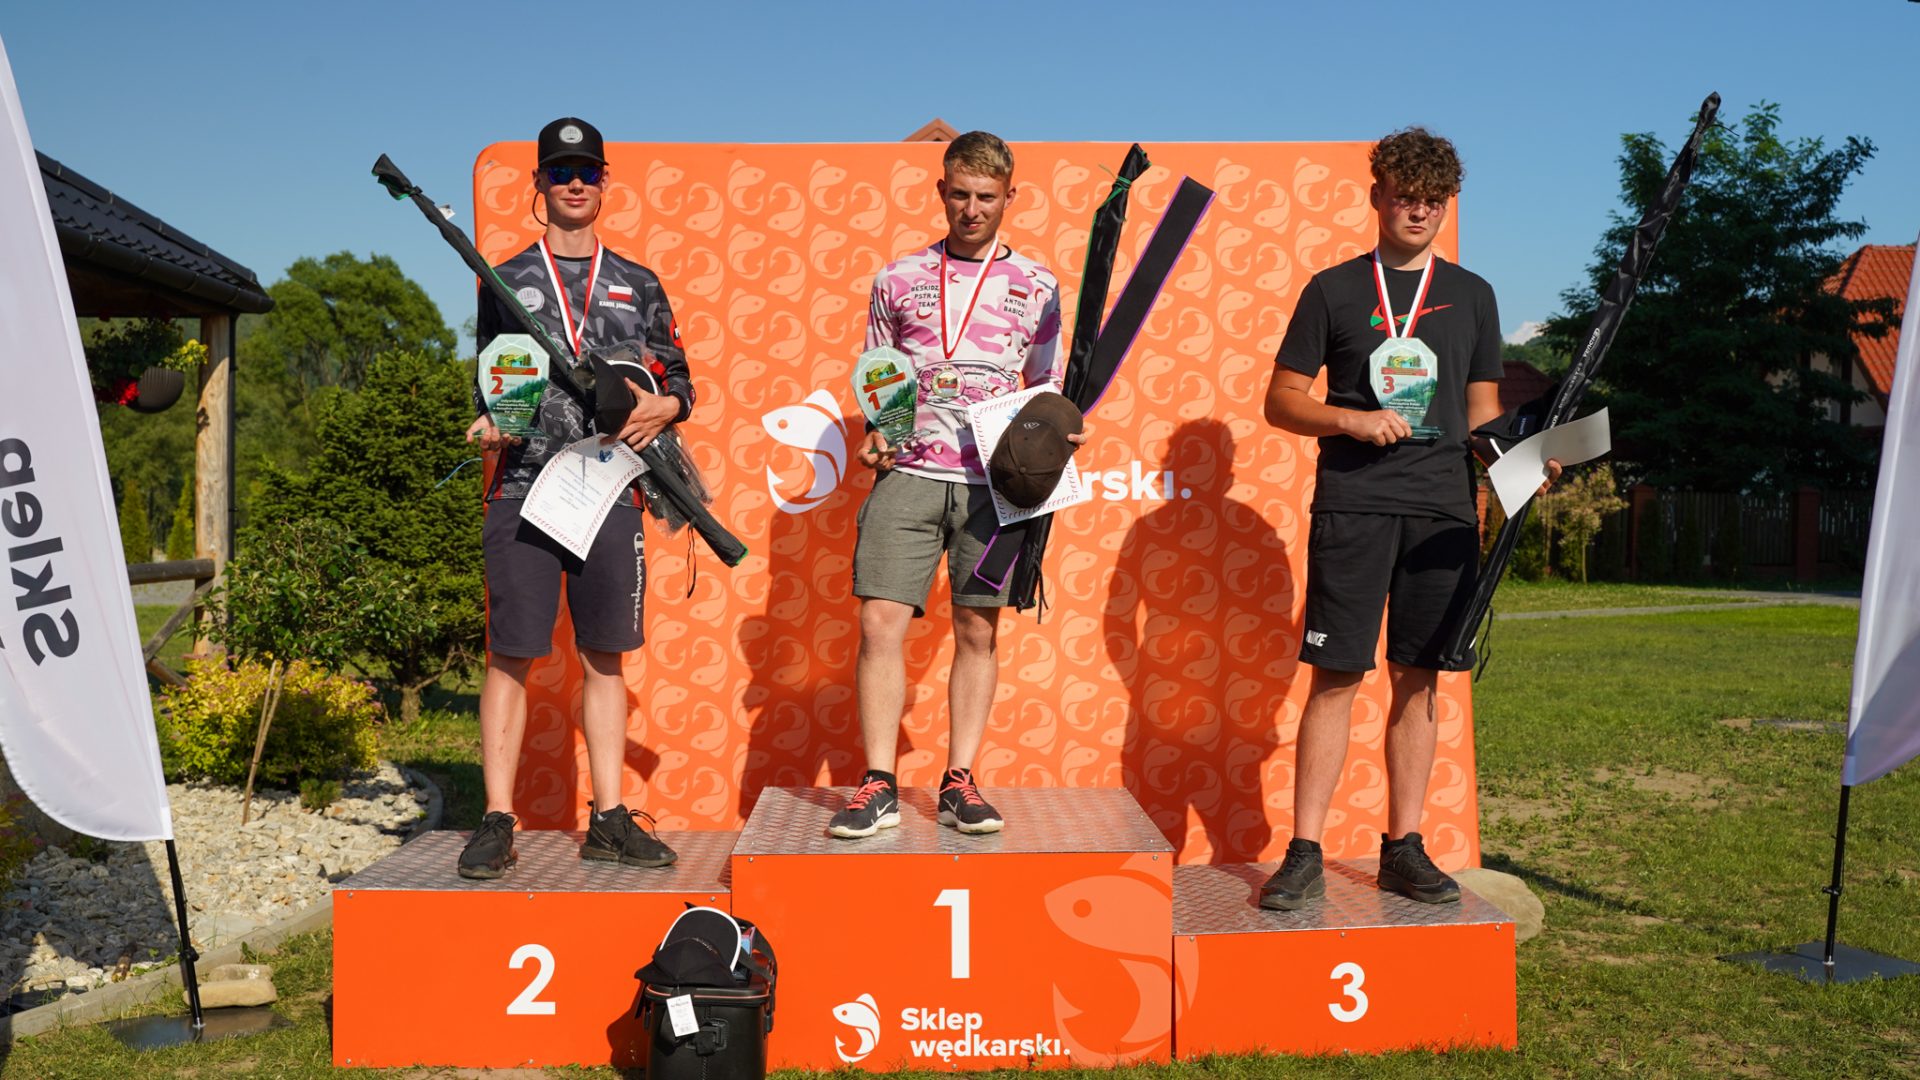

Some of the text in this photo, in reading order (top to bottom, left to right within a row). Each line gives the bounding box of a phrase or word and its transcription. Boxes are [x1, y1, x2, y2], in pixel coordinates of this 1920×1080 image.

[1003, 305, 1025, 318] BABICZ
[1004, 297, 1027, 310] ANTONI
[490, 375, 504, 395] 2
[1382, 375, 1395, 394] 3
[867, 391, 881, 411] 1
[1081, 460, 1192, 501] rski.
[0, 437, 80, 667] Sklep
[631, 532, 645, 632] Champion
[1305, 629, 1328, 647] NIKE
[932, 888, 970, 979] 1
[506, 943, 556, 1015] 2
[1327, 961, 1369, 1023] 3
[900, 1007, 983, 1035] Sklep
[910, 1033, 1071, 1063] wędkarski.
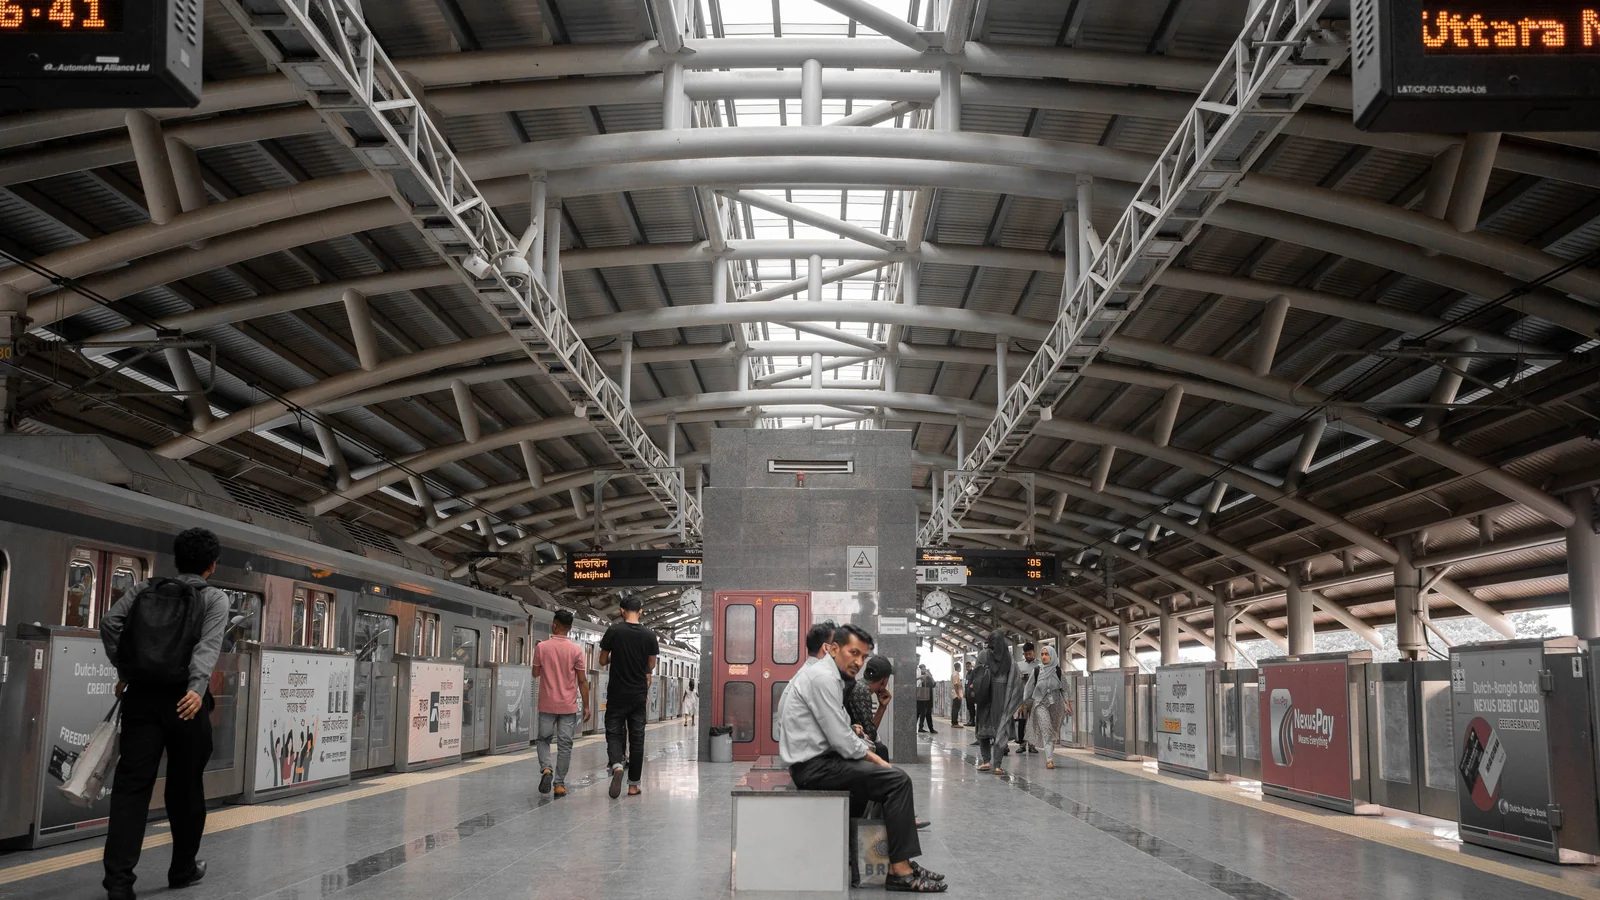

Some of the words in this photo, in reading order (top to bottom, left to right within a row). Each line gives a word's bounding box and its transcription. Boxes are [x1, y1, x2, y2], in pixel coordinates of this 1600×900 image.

[1422, 11, 1565, 47] Uttara
[57, 64, 102, 72] Autometers
[104, 64, 135, 72] Alliance
[136, 64, 150, 72] Ltd
[573, 570, 611, 580] Motijheel
[87, 683, 111, 695] CREDIT
[1473, 681, 1518, 697] Dutch-Bangla
[1519, 681, 1537, 694] Bank
[1473, 699, 1497, 712] NEXUS
[1498, 699, 1518, 712] DEBIT
[1519, 700, 1539, 713] CARD
[1294, 708, 1334, 743] NexusPay
[1499, 718, 1518, 729] SECURE
[1518, 719, 1540, 731] BANKING

## Problem to work on
Pictures stay out; everything else in the listing above is to be repeated exactly.

## Response below
Some of the text in this photo, in reading order (top to bottom, left to right within a row). Each line gives the bounding box of a phrase or word and its transcription. Boxes are [x1, y1, x2, y2], in pixel coordinates of this 1920×1080 image.

[1003, 305, 1025, 318] BABICZ
[1004, 297, 1027, 310] ANTONI
[490, 375, 504, 395] 2
[1382, 375, 1395, 394] 3
[867, 391, 881, 411] 1
[1081, 460, 1192, 501] rski.
[0, 437, 80, 667] Sklep
[631, 532, 645, 632] Champion
[1305, 629, 1328, 647] NIKE
[932, 888, 970, 979] 1
[506, 943, 556, 1015] 2
[1327, 961, 1369, 1023] 3
[900, 1007, 983, 1035] Sklep
[910, 1033, 1071, 1063] wędkarski.

Some of the words in this photo, in reading order (top to bottom, left to right within a row). Each line gives a word's bounding box and its transcription. Boxes are [x1, y1, x2, y2], in pixel coordinates of this 1600×900 image.

[1422, 11, 1565, 47] Uttara
[57, 64, 102, 72] Autometers
[104, 64, 135, 72] Alliance
[136, 64, 150, 72] Ltd
[573, 570, 611, 580] Motijheel
[87, 683, 111, 695] CREDIT
[1473, 681, 1518, 697] Dutch-Bangla
[1519, 681, 1537, 694] Bank
[1473, 699, 1497, 712] NEXUS
[1498, 699, 1518, 712] DEBIT
[1519, 700, 1539, 713] CARD
[1294, 708, 1334, 743] NexusPay
[1499, 718, 1518, 729] SECURE
[1518, 719, 1540, 731] BANKING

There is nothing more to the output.